As Dolly suggests apparently it does work remotely so if you can find a T who offers it virtually you might give it a go.  There are quite a few T databases out there but A good one if you're in the US or Canada is Psychology Today's at https://www.psychologytoday.com/ca/therapists.

Good luck - would love to hear how it goes if you do give it a try.  :)

storyworld

I know this is an old thread but found it searching the site. My therapist has mentioned this tool-procedure (not sure what to call it) a few times, and the very idea creates a great deal of anxiety within me. My understanding is that you must sort of "relive" hard things in order to reprocess them. I am afraid I cannot handle that. I also read that one must sort of let their mind "go" in this, without censor or filter or redirection, and I am afraid of that as well. I can't verbalize exactly what I'm afraid will happen. All I know is the thought scares me. (I also have read that the therapist will sometimes tap a client's legs, and the thought of that gives me anxiety as well, which is odd as I have no problems shaking hands or hugging people. Maybe it's because I have shown parts of myself to my therapist that I haven't to others? Or maybe I just got an anxiety stuck in my head that has no basis.

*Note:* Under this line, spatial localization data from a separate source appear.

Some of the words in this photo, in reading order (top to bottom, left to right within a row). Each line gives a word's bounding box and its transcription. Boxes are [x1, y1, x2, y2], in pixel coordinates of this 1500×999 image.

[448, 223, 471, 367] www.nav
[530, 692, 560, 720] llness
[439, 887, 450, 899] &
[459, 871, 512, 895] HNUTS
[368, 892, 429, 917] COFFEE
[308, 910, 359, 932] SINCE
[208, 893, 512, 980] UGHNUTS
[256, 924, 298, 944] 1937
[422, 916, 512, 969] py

I know she won't do anything I'm not ready for, and she is very responsive to my comfort (and fear!) level. But the very idea that this might be on the horizon is creating ongoing anxiety now and makes me frequently contemplate stopping therapy.

Kizzie

Just my thoughts on this of course but from my perspective it's your choice if and when you want to go ahead.  You are in charge and hopefully if you tell your T the anxiety it is causing you she and you can have a discussion about taking it off the table so you can get your anxiety down. There may come a time when you're ready to try it or maybe not, up to you.   :hug:

storyworld

Thanks, Kizzie. I appreciate your perspective and thoughts.

Armee

I would NOT be ok with my T tapping me in any way at least not while processing traumatic materials.


I was very scared to try EMDR for all the reasons you put down. With some modifications it has worked well for me though.

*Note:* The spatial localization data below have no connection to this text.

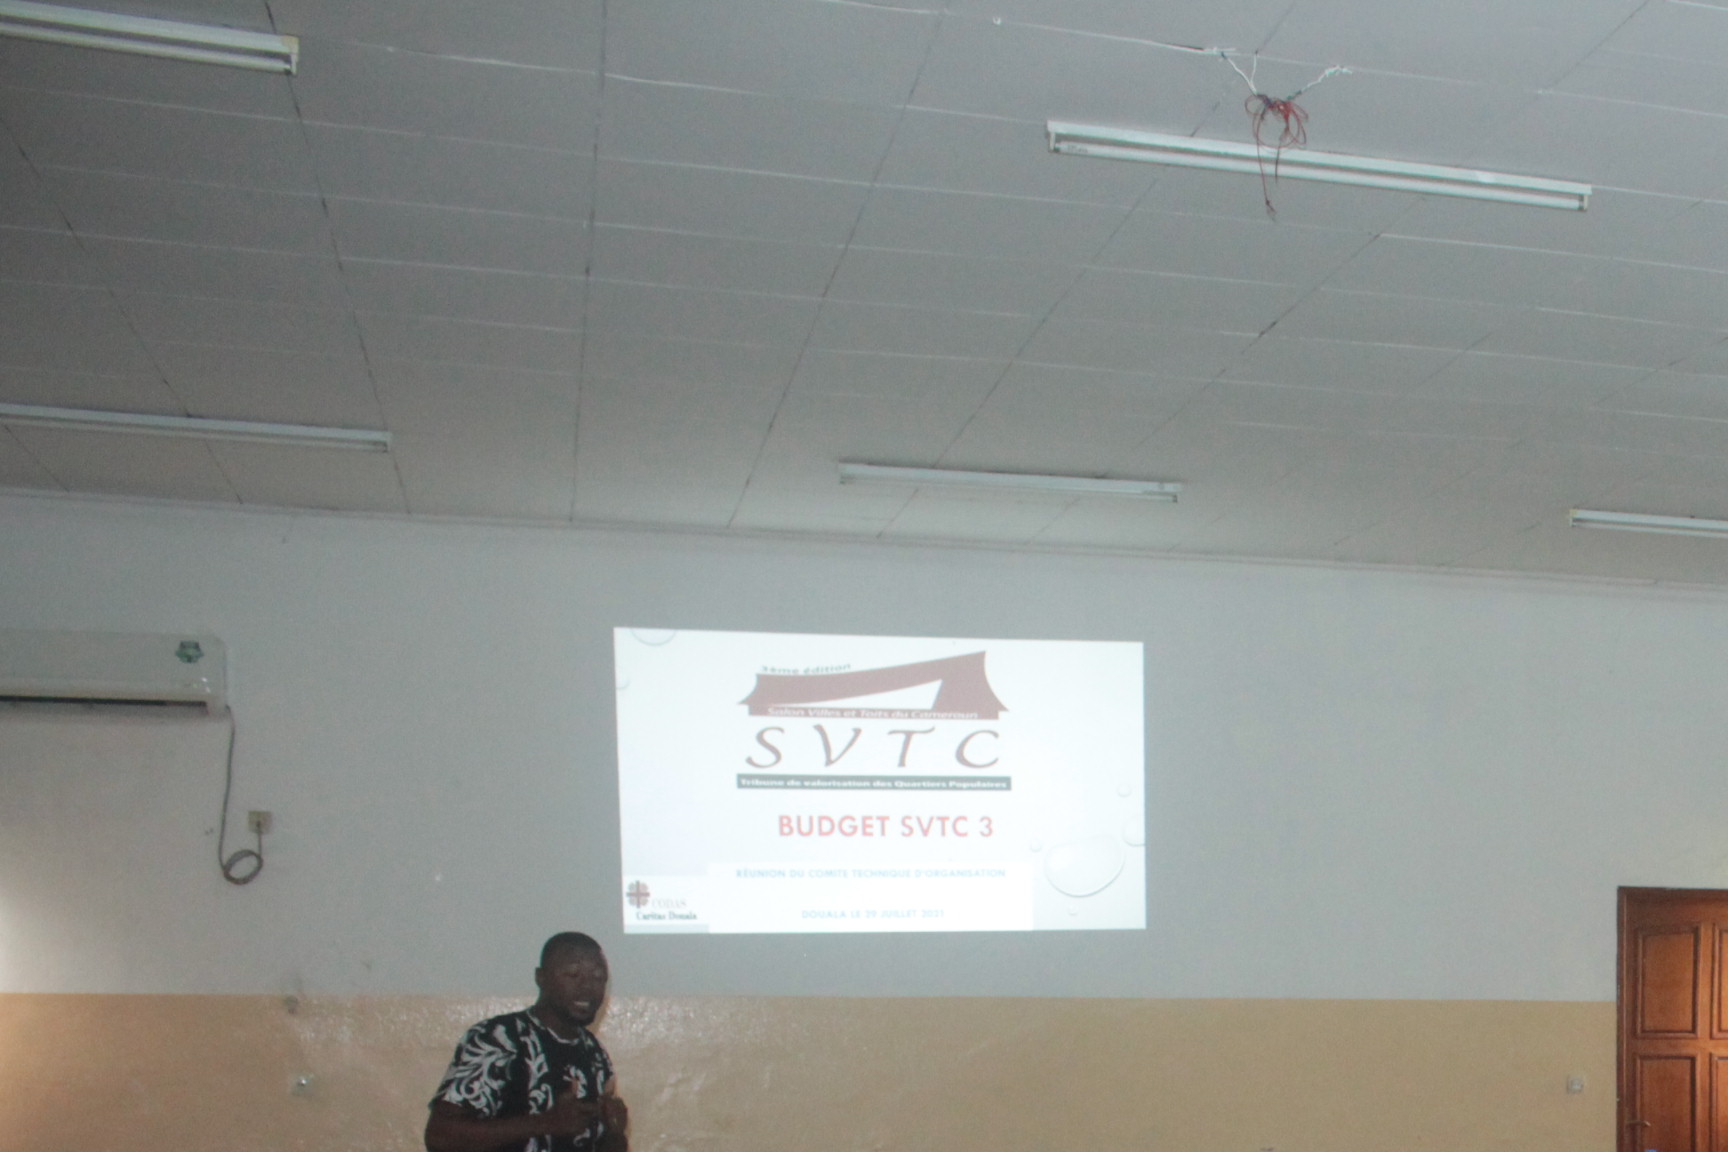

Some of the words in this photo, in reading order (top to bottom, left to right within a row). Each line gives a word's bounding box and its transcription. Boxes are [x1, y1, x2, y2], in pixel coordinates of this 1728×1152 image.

[808, 708, 840, 718] Villes
[911, 711, 979, 721] Cameroun
[741, 778, 784, 787] Tribune
[894, 780, 947, 789] Quartiers
[948, 780, 1007, 790] Populaires
[778, 815, 890, 837] BUDGET
[900, 815, 969, 838] SVTC
[980, 816, 994, 838] 3
[789, 869, 804, 878] DU
[851, 869, 911, 878] TECHNIQUE
[801, 909, 847, 918] DOUALA

Ask your T about flash emdr where you do not think about the trauma other than bringing it to the periphery of your mind and then focus on something positive or funny for the processing. It did not work well for me but it really is designed for exactly the situation you are in. It is supposed to make it more tolerable and you don't go into any detail. I think I am just an odd case where flash backfired for me.

I've done better with straightforward EMDR but modified to go very very slow, to do very short sets of eye movements, and to ground multiple times during the process. Its really helped to get rid of the negative thoughts and shame and self blame and helped me draw very necessary connections between the cognitive and limbic systems.

I would never do it with someone who only does emdr though. I want someone who can weave multiple other tools into the process and is not so cocky as to try to force a model onto me that doesn't work.

It sounds like your T is the good kind that could make this work for you. If you decide to try. And you can always evaluate and stop, at any time. I'm very happy with my therapist and how well therapy has worked for me. And we failed and made huge missteps multiple times. You repair the damage and take what you learned into the next approach. We aren't so fragile that we can't handle things not working. We are all actually pretty remarkably strong.

Towhee

This is just my own experience: I don't want to scare anyone off but I think it's good to share a broad array of experiences with something.  My own experience with it was terrible, though it wasn't helped by having a therapist who was inexperienced and had a very childlike personality.  I never even got past the prep work for it.  She tried to do something with me to get me more relaxed but it triggered a partial flashback and a dissociation; after that, just holding the buzzing paddles triggered the same response.  It also severely impaired my ability to trust her again.  Just thinking about it now brings back the feeling of being trapped.

Again, this was just my experience, and others have had a lot of healing and success with it.  But it isn't right for everyone.